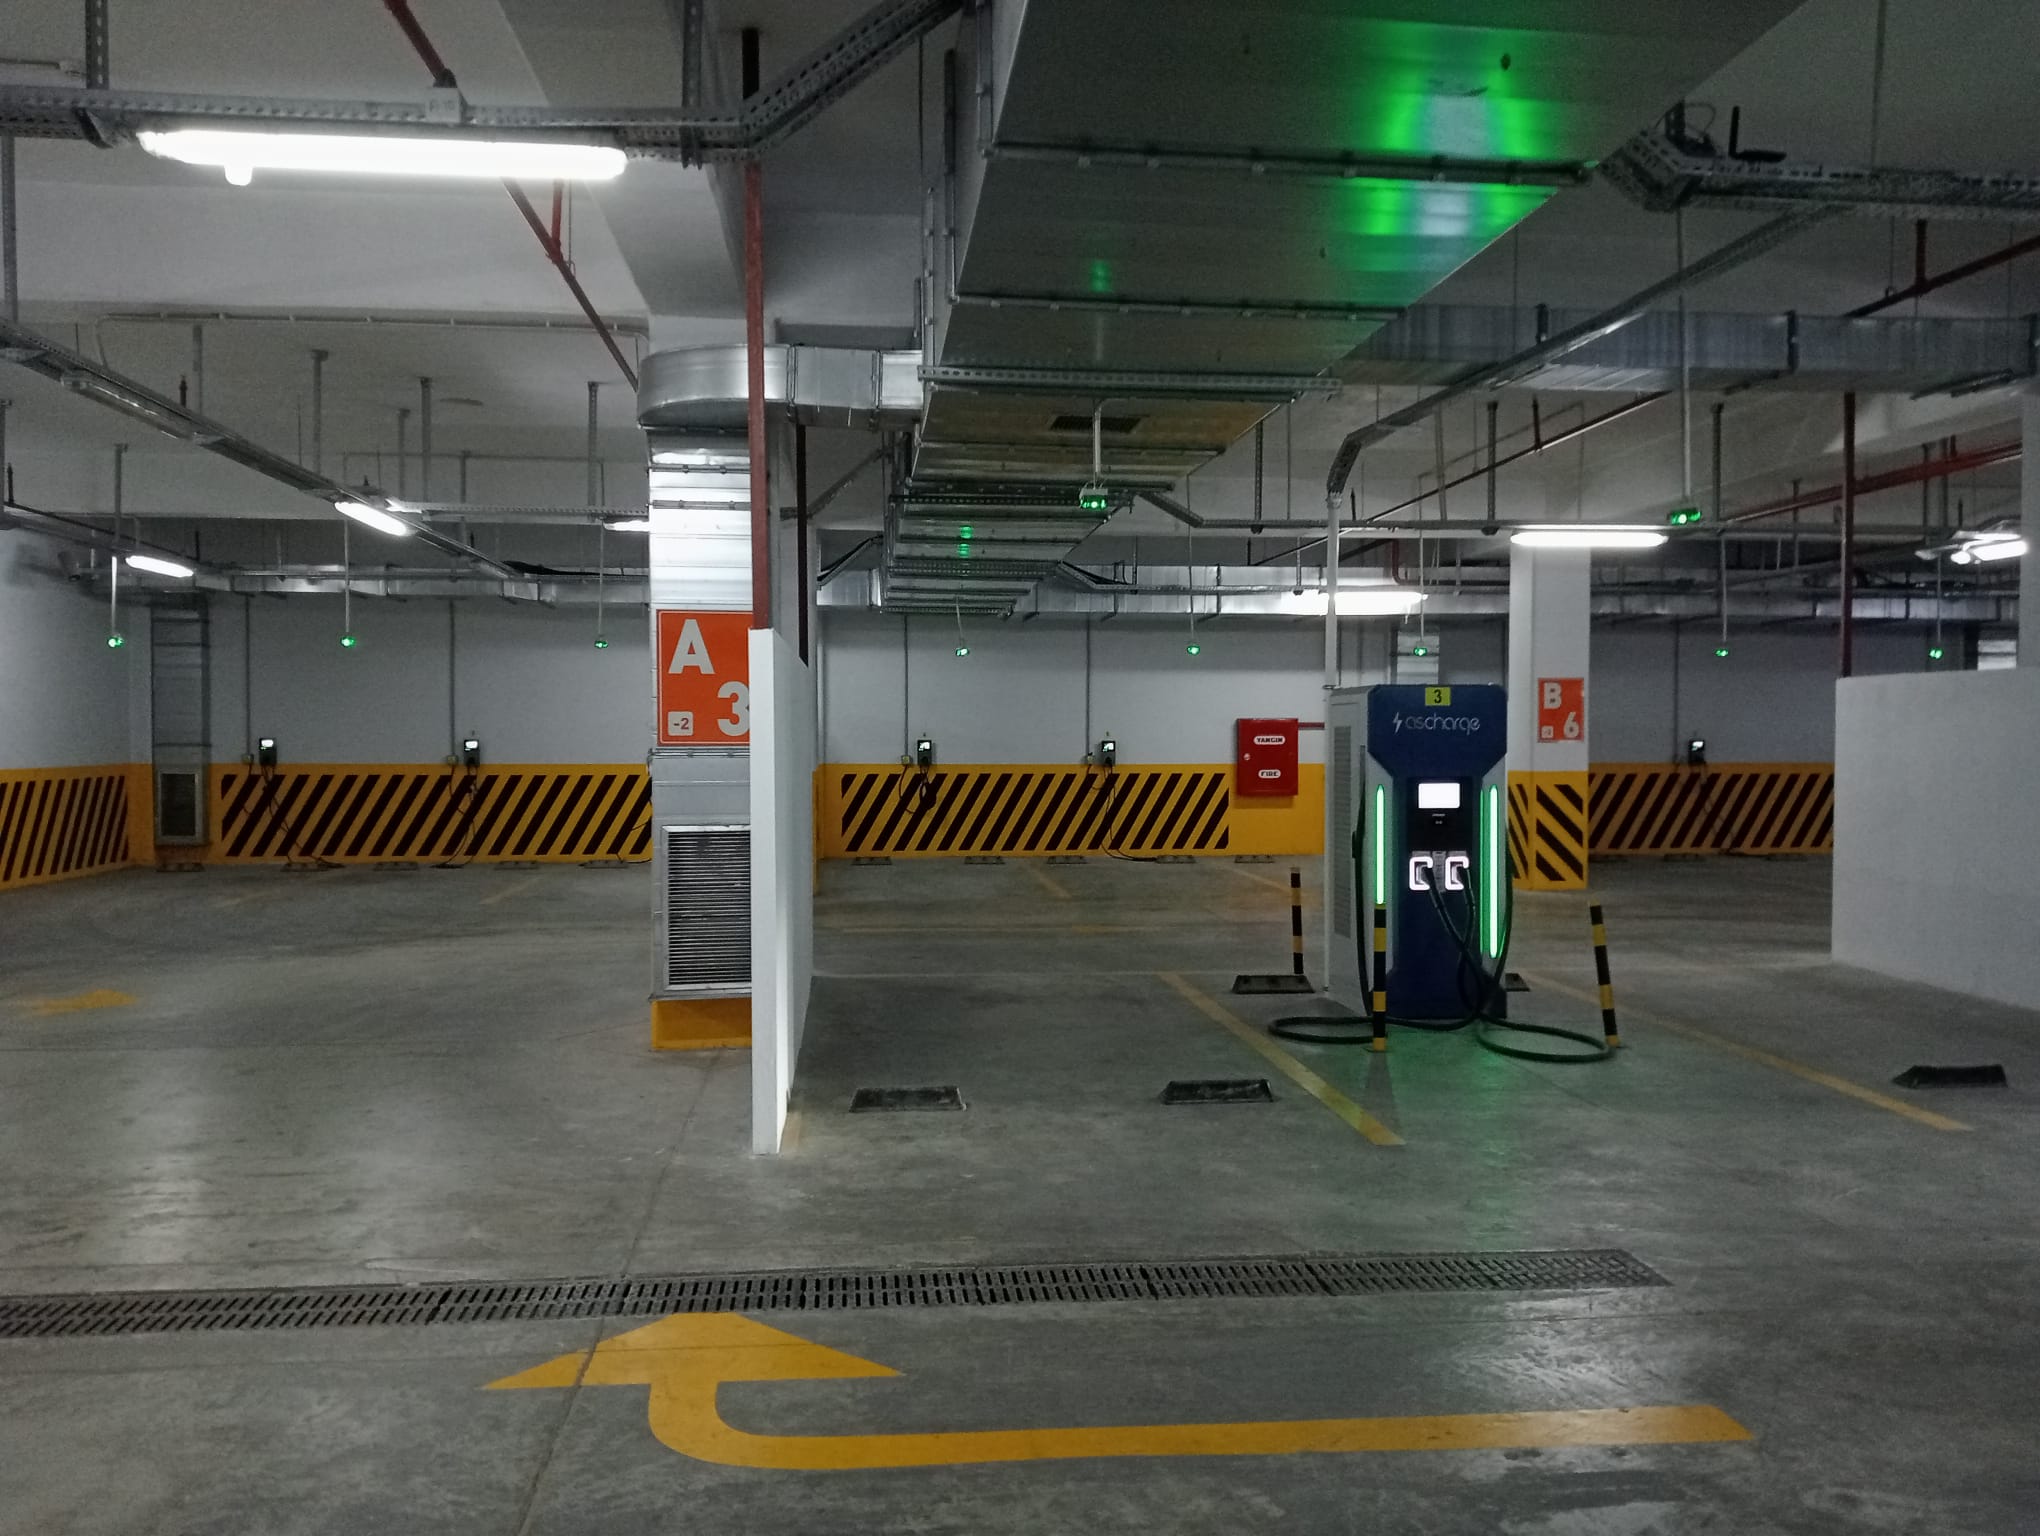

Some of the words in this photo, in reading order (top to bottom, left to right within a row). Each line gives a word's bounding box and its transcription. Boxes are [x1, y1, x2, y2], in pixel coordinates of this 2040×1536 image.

[668, 618, 716, 674] A
[717, 681, 750, 737] 3
[1433, 689, 1443, 704] 3
[1543, 682, 1562, 710] B
[673, 717, 690, 730] -2
[1405, 712, 1481, 736] ascharge
[1563, 711, 1580, 738] 6

**Try it**
Taking each record in turn, retype it exactly and drop any picture.

**Result for this task**
Some of the words in this photo, in reading order (top to bottom, left to right within a row). Each line gives a word's bounding box and its transcription. Boxes are [x1, y1, x2, y2], in pixel coordinates of this 2040×1536 image.

[668, 618, 716, 674] A
[717, 681, 750, 737] 3
[1433, 689, 1443, 704] 3
[1543, 682, 1562, 710] B
[673, 717, 690, 730] -2
[1405, 712, 1481, 736] ascharge
[1563, 711, 1580, 738] 6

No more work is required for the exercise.